Portions of East Orange Street and South Lake Avenue closed on Sept. 11 so underground utilities could be connected to the new Orange Street Apartments. The closures are expected to last until Dec. 15. | Cindy Glover, LkldNow

The parade is co-hosted by The Junior League of Greater Lakeland and the City of Lakeland and draws an estimated 50,000 people annually.

Festivities will begin with fireworks over Lake Mirror at 7 p.m. As the first starbursts light up the evening sky, marching bands and floats will set out from the north side of the RP Funding Center on Lemon Street.

As in years past, the parade will travel east on Lemon Street toward downtown, turning left on Tennessee Avenue and then right on Main Street. However this year, the parade will turn right — not left — at Massachusetts Avenue and proceed south to Lake Morton Drive.  

The parade will circle Lake Morton clockwise before exiting at Walnut Street and heading up Tennessee Avenue. At Orange Street, the parade will turn left and return to the RP Funding Center, where it will conclude. 

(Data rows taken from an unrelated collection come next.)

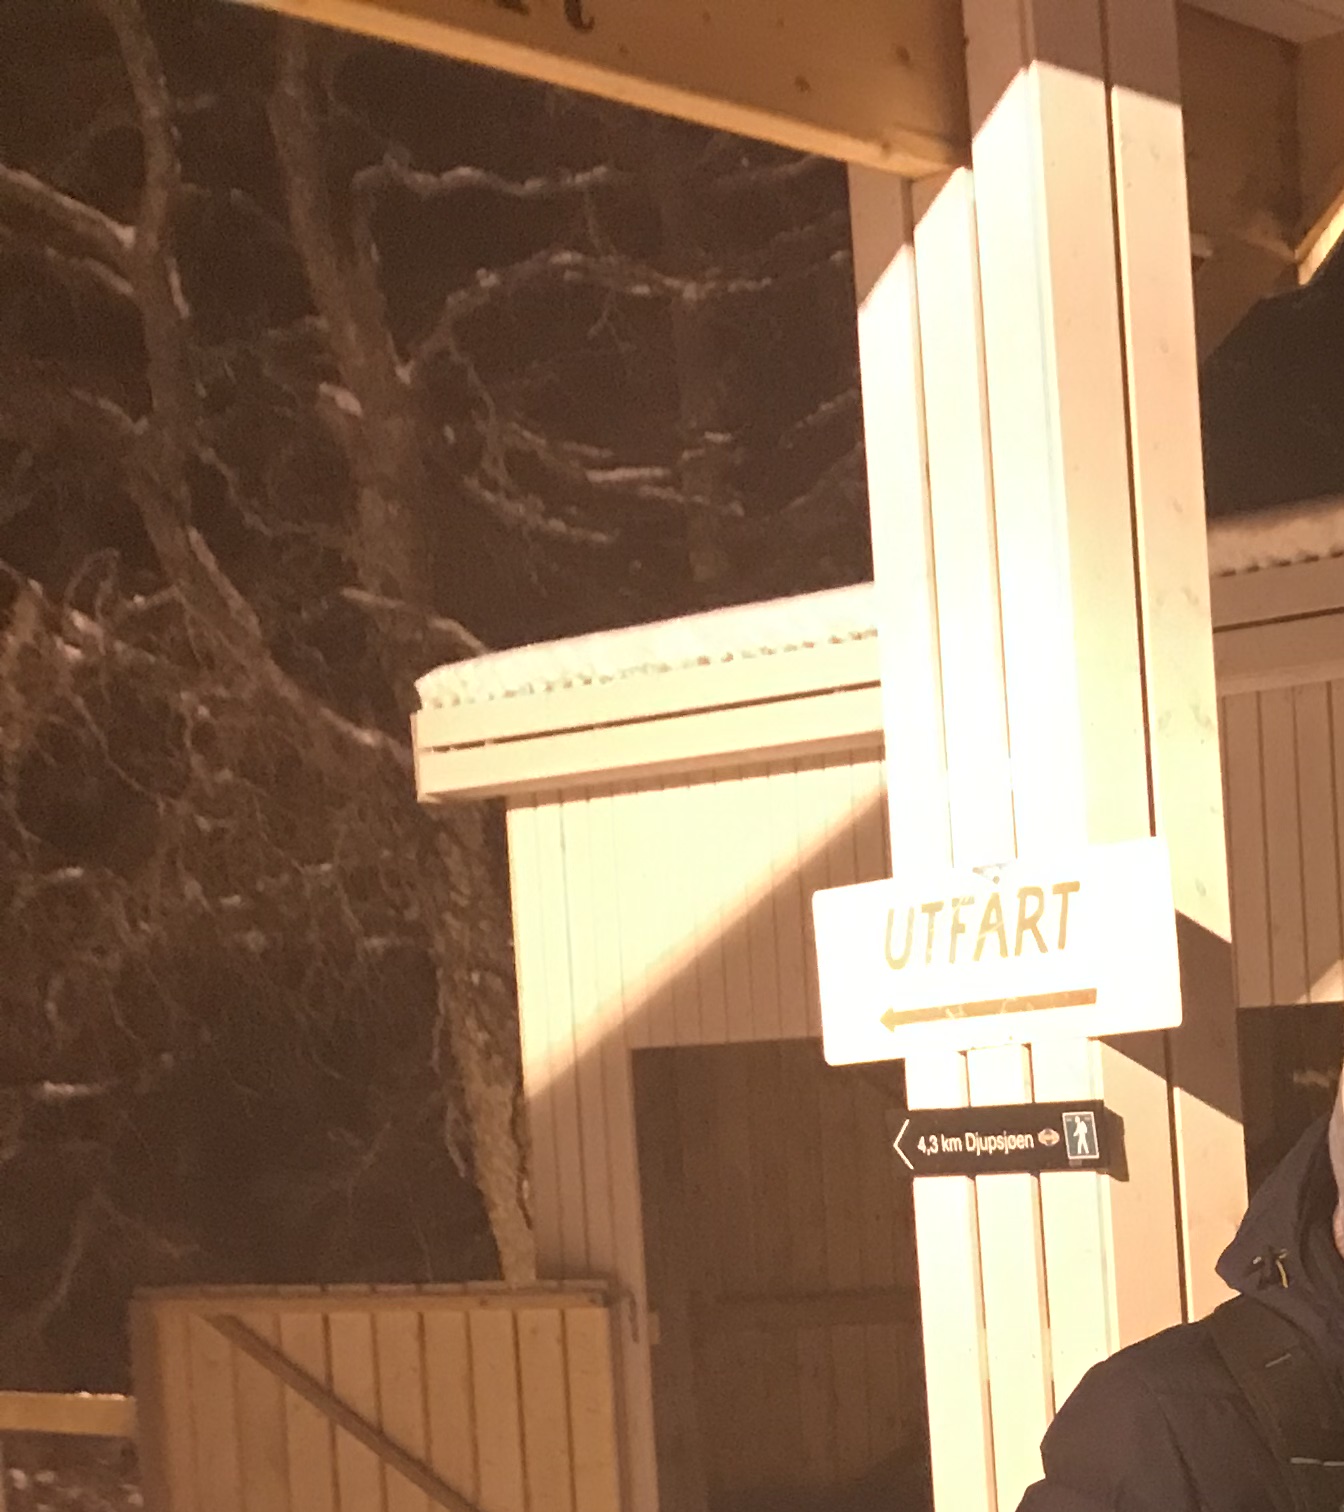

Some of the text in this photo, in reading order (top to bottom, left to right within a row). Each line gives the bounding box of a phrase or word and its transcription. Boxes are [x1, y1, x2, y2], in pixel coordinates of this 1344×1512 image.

[917, 1130, 1035, 1156] 4,3 km Djupsjøen
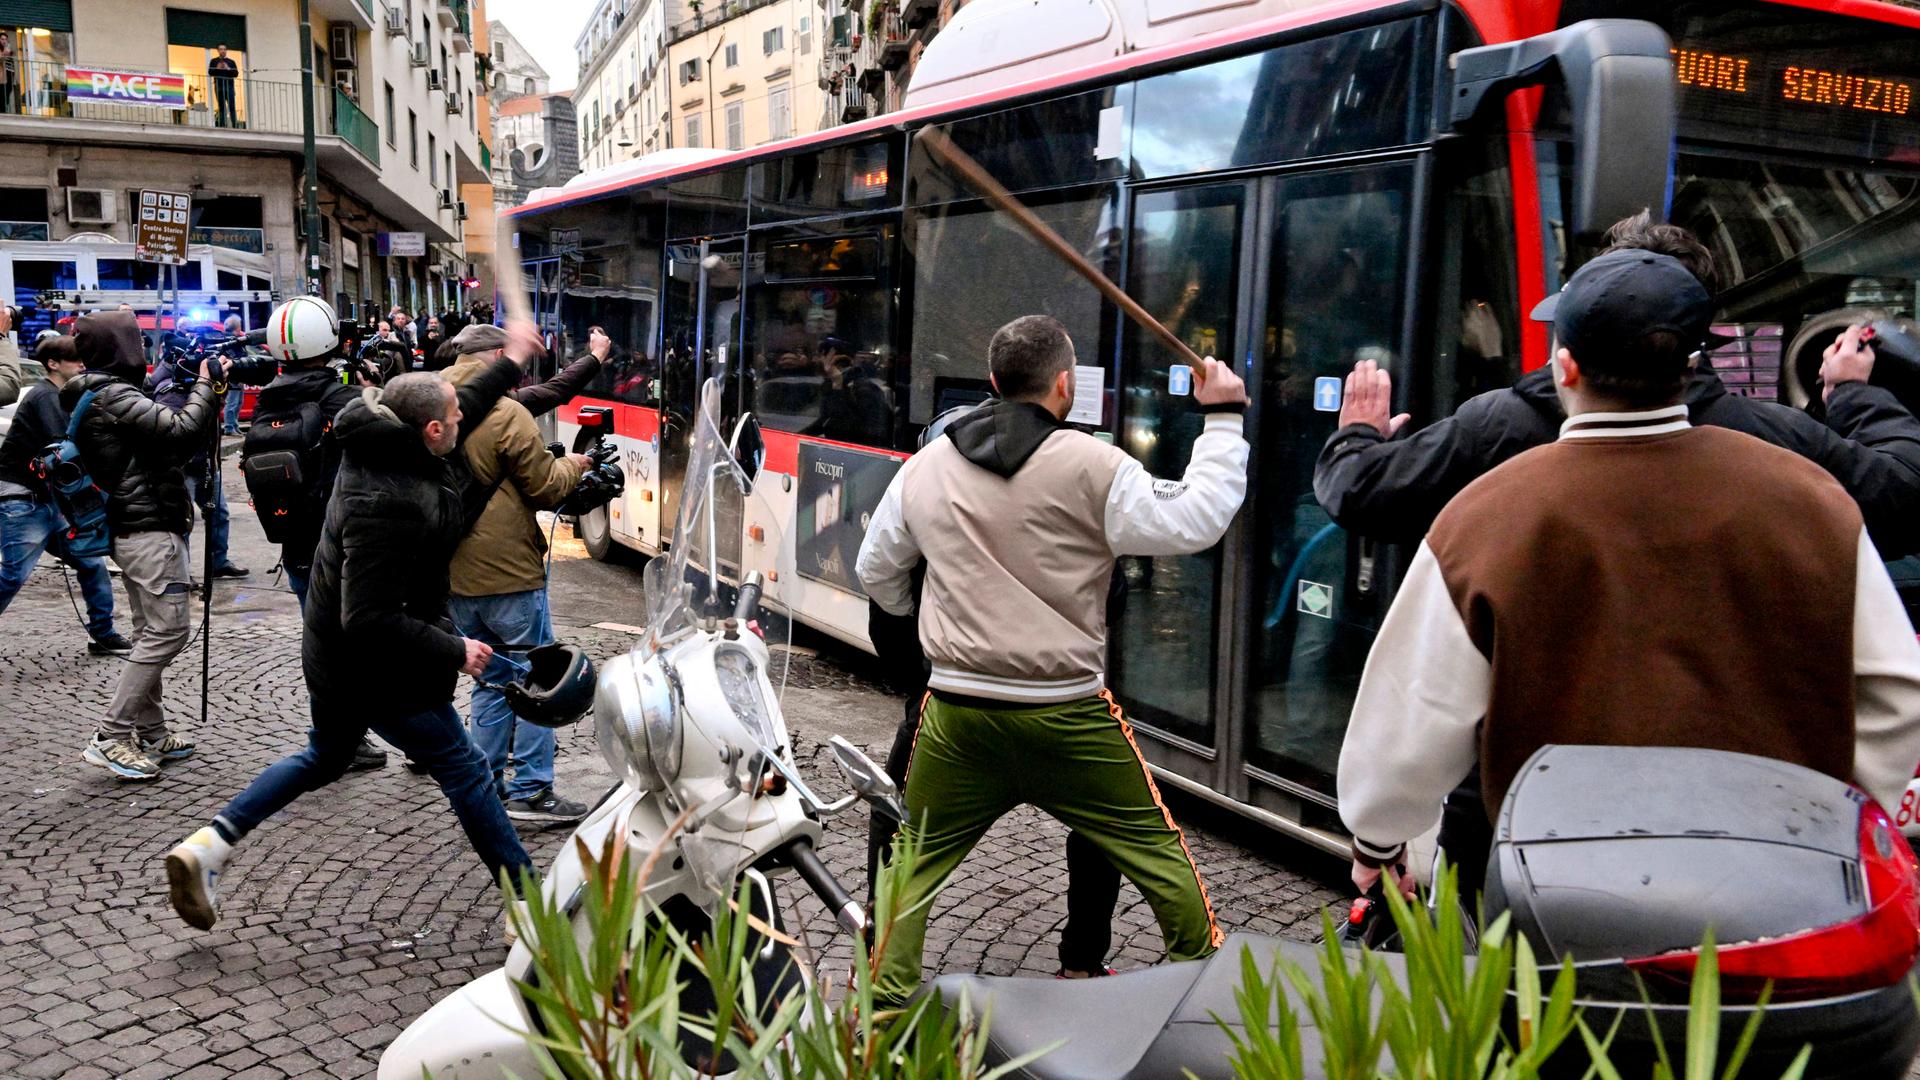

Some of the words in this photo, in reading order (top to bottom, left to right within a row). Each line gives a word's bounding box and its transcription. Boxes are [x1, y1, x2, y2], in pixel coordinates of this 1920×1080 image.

[91, 73, 162, 100] PACE
[1670, 48, 1748, 92] UORI
[1783, 66, 1910, 114] SERVIZIO
[143, 224, 162, 232] Centro
[163, 226, 183, 234] Storico
[815, 458, 844, 480] riscopri
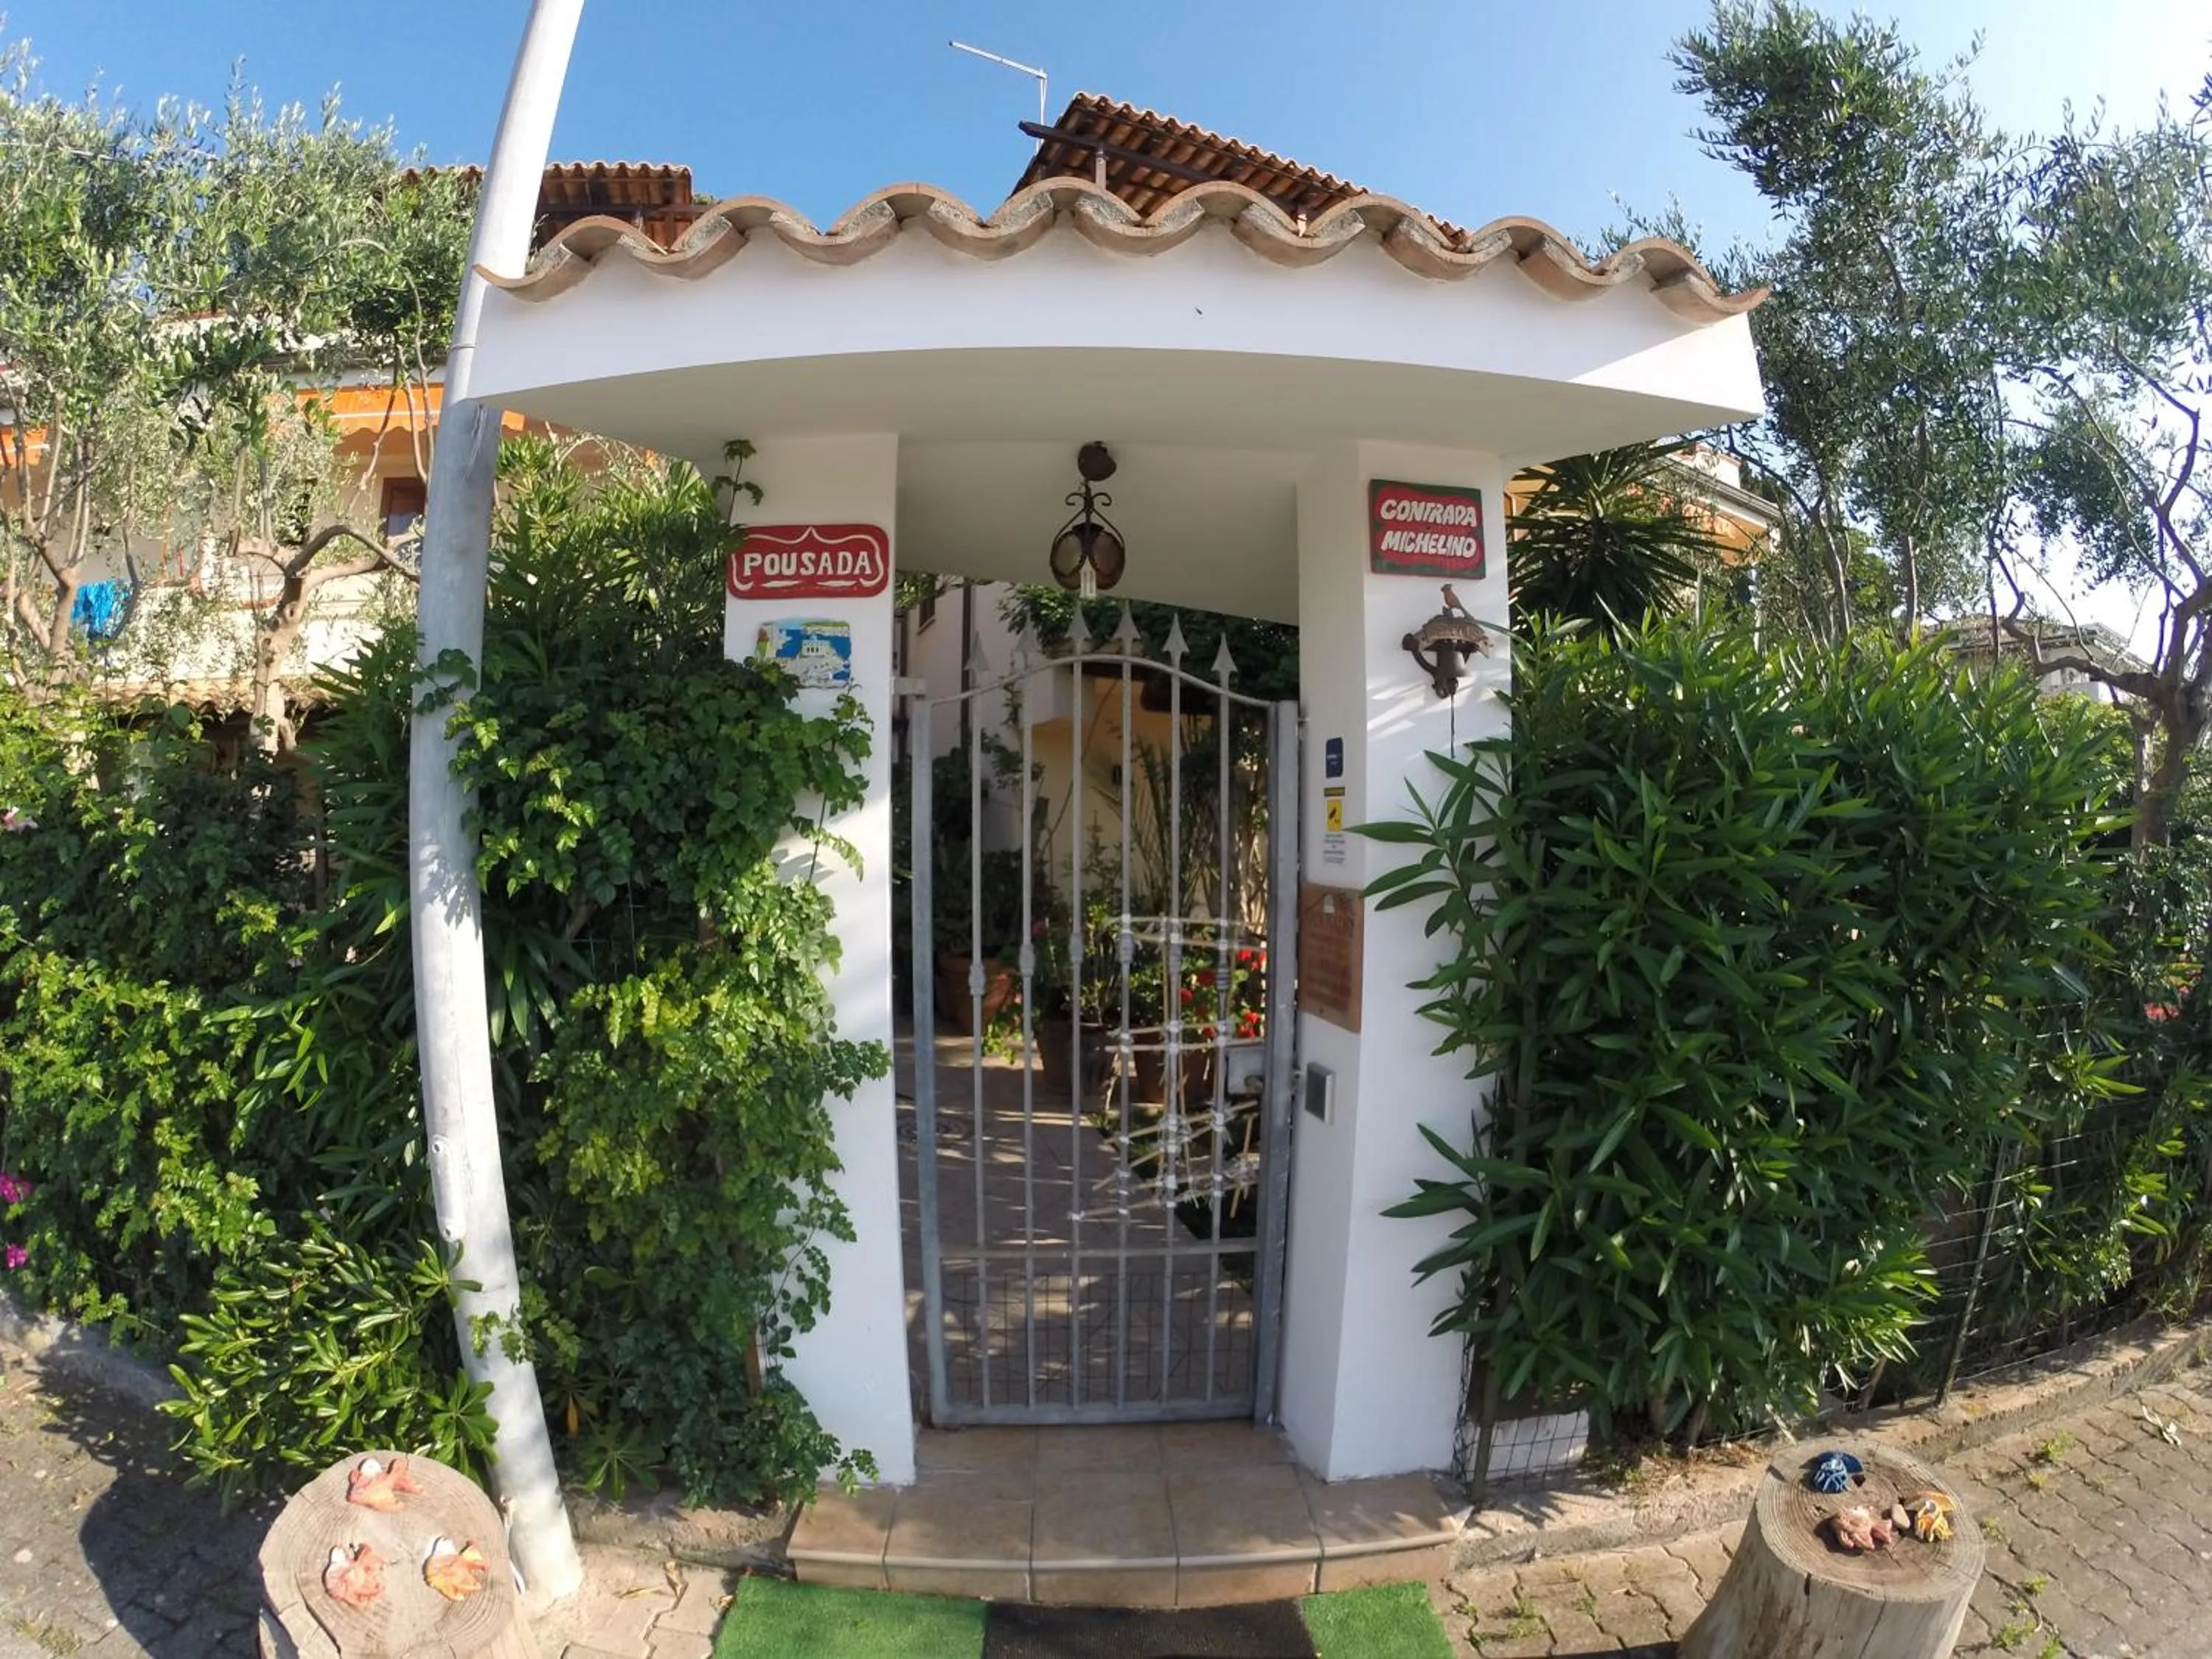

‘Please do not feed the swans’

The parade is one of Lakeland’s most popular events and city officials always admonish residents not to set out chairs before the day of the parade. This year, the city is also asking people not to feed the iconic swans that call Lake Morton home. 

“As this year’s parade route does include Lake Morton, please do not feed the swans during the parade,” Cook said in a news release. “Umbrellas or pop-up tents are not allowed along the grass around Lake Morton. There will be no street parking along Lake Morton Drive the day of the parade.”

The parade distance of 2.5 miles is a little bit longer than the usual 2.25 miles. The judges’ review stand will be on Main Street by the Terrace Hotel, as it has been in recent years.

Early parade chairs will be removed

Roads that are impacted by the parade route will close at 5 p.m. except for the portion of Lime Street between Florida Avenue and Lake Beulah Drive, which will close at 3 p.m.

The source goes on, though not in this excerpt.